- **Work task**: Your answer must be every line below, repeated exactly.

[Stored dataset items]
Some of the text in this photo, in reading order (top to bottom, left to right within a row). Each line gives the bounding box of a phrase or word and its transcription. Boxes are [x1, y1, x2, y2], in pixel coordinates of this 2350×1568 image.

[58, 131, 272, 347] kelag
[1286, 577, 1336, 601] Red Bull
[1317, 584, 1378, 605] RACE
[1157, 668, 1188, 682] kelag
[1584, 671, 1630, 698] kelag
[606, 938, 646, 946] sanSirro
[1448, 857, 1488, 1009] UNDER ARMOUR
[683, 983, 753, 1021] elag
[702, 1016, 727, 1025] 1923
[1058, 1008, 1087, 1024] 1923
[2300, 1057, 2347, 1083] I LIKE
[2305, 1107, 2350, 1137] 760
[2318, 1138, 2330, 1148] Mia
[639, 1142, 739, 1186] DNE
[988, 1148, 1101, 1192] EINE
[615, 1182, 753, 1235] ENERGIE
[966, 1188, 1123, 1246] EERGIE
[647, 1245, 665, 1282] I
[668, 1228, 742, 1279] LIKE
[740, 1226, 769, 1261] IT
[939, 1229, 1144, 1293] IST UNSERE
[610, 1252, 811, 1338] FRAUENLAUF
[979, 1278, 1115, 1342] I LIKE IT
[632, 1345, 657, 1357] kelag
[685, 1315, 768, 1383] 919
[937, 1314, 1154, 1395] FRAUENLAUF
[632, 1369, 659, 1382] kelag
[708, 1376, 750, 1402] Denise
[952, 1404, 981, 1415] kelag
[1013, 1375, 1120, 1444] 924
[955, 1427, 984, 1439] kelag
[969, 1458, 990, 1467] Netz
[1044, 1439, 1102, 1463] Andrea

- **Your response**:
Some of the text in this photo, in reading order (top to bottom, left to right within a row). Each line gives the bounding box of a phrase or word and its transcription. Boxes are [x1, y1, x2, y2], in pixel coordinates of this 2350×1568 image.

[58, 131, 272, 347] kelag
[1286, 577, 1336, 601] Red Bull
[1317, 584, 1378, 605] RACE
[1157, 668, 1188, 682] kelag
[1584, 671, 1630, 698] kelag
[606, 938, 646, 946] sanSirro
[1448, 857, 1488, 1009] UNDER ARMOUR
[683, 983, 753, 1021] elag
[702, 1016, 727, 1025] 1923
[1058, 1008, 1087, 1024] 1923
[2300, 1057, 2347, 1083] I LIKE
[2305, 1107, 2350, 1137] 760
[2318, 1138, 2330, 1148] Mia
[639, 1142, 739, 1186] DNE
[988, 1148, 1101, 1192] EINE
[615, 1182, 753, 1235] ENERGIE
[966, 1188, 1123, 1246] EERGIE
[647, 1245, 665, 1282] I
[668, 1228, 742, 1279] LIKE
[740, 1226, 769, 1261] IT
[939, 1229, 1144, 1293] IST UNSERE
[610, 1252, 811, 1338] FRAUENLAUF
[979, 1278, 1115, 1342] I LIKE IT
[632, 1345, 657, 1357] kelag
[685, 1315, 768, 1383] 919
[937, 1314, 1154, 1395] FRAUENLAUF
[632, 1369, 659, 1382] kelag
[708, 1376, 750, 1402] Denise
[952, 1404, 981, 1415] kelag
[1013, 1375, 1120, 1444] 924
[955, 1427, 984, 1439] kelag
[969, 1458, 990, 1467] Netz
[1044, 1439, 1102, 1463] Andrea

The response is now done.